**Extracted entries**
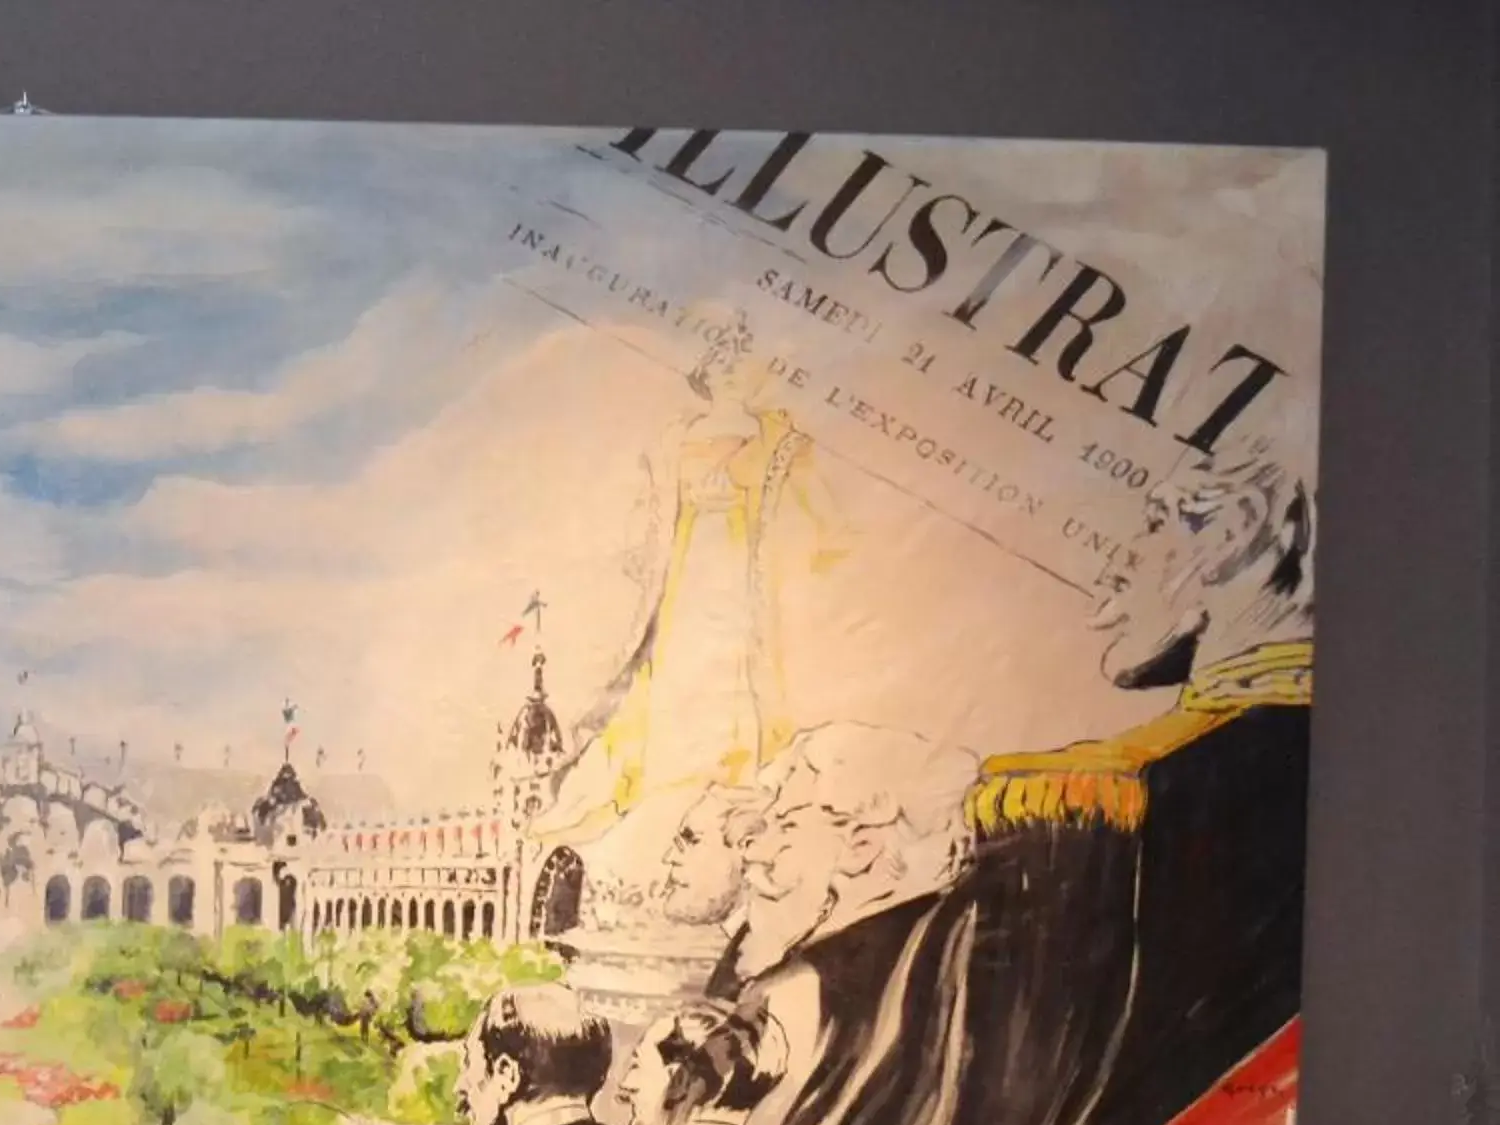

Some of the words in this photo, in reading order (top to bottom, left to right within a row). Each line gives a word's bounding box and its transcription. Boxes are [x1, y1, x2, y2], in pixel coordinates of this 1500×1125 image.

[755, 267, 884, 344] SAMEDI
[901, 339, 938, 375] 21
[954, 370, 1057, 444] AVRIL
[1077, 441, 1151, 490] 1900
[766, 355, 812, 389] DE
[823, 385, 1045, 516] L'EXPOSITION

**What to do**
Without including any pictures, output each entry above exactly as it appears.

**Reply**
Some of the words in this photo, in reading order (top to bottom, left to right within a row). Each line gives a word's bounding box and its transcription. Boxes are [x1, y1, x2, y2], in pixel coordinates of this 1500×1125 image.

[755, 267, 884, 344] SAMEDI
[901, 339, 938, 375] 21
[954, 370, 1057, 444] AVRIL
[1077, 441, 1151, 490] 1900
[766, 355, 812, 389] DE
[823, 385, 1045, 516] L'EXPOSITION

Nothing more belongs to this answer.